▶ _Source material_
_____

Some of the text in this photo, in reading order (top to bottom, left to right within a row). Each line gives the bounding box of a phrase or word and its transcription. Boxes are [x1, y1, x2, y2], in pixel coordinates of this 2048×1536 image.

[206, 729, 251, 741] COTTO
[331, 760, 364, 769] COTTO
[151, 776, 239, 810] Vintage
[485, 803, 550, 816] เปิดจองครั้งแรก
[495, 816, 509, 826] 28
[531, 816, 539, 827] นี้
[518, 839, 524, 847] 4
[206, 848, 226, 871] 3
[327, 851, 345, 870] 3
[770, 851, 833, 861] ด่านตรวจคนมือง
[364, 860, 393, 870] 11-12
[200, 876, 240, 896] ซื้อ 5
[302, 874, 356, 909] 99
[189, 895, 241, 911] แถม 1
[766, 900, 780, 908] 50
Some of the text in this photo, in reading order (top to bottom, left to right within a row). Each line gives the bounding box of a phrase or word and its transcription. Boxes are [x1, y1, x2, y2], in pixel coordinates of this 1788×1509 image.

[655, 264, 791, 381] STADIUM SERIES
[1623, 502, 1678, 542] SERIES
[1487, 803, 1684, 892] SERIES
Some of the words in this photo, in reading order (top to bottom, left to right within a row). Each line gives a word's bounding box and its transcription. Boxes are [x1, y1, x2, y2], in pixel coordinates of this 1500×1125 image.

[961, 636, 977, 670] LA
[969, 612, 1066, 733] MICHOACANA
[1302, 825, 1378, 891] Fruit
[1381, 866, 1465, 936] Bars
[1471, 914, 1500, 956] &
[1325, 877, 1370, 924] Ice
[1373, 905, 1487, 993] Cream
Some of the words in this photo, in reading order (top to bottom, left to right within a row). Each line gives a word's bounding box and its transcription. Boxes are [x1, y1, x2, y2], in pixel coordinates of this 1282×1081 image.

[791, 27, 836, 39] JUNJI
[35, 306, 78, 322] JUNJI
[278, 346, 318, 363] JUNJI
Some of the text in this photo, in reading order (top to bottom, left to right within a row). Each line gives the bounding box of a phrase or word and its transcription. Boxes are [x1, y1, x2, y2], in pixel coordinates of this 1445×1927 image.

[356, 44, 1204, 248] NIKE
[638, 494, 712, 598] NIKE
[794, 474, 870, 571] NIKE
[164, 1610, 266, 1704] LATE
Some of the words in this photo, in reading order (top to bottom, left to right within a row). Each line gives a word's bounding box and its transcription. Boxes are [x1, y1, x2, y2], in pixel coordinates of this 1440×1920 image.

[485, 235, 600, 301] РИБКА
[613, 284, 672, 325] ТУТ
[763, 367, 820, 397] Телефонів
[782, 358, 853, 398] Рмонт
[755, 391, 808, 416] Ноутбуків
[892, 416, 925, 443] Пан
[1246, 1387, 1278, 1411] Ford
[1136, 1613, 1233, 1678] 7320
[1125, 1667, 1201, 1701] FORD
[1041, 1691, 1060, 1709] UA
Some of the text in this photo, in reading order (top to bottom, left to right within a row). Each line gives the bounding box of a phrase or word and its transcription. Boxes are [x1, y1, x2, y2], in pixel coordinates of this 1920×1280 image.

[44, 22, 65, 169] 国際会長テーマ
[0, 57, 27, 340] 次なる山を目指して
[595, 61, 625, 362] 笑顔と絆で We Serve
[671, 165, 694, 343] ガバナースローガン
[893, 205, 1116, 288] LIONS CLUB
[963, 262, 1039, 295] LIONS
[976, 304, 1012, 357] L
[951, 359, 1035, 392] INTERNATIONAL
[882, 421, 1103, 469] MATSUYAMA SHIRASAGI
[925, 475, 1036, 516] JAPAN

_____

▶ _Your task_
Through the last line of the entries above, beginning at the line containing "this 1920×1280 image.", transcribe each line exactly, both ends included and nothing more.

▶ _Reply to the exercise_
Some of the text in this photo, in reading order (top to bottom, left to right within a row). Each line gives the bounding box of a phrase or word and its transcription. Boxes are [x1, y1, x2, y2], in pixel coordinates of this 1920×1280 image.

[44, 22, 65, 169] 国際会長テーマ
[0, 57, 27, 340] 次なる山を目指して
[595, 61, 625, 362] 笑顔と絆で We Serve
[671, 165, 694, 343] ガバナースローガン
[893, 205, 1116, 288] LIONS CLUB
[963, 262, 1039, 295] LIONS
[976, 304, 1012, 357] L
[951, 359, 1035, 392] INTERNATIONAL
[882, 421, 1103, 469] MATSUYAMA SHIRASAGI
[925, 475, 1036, 516] JAPAN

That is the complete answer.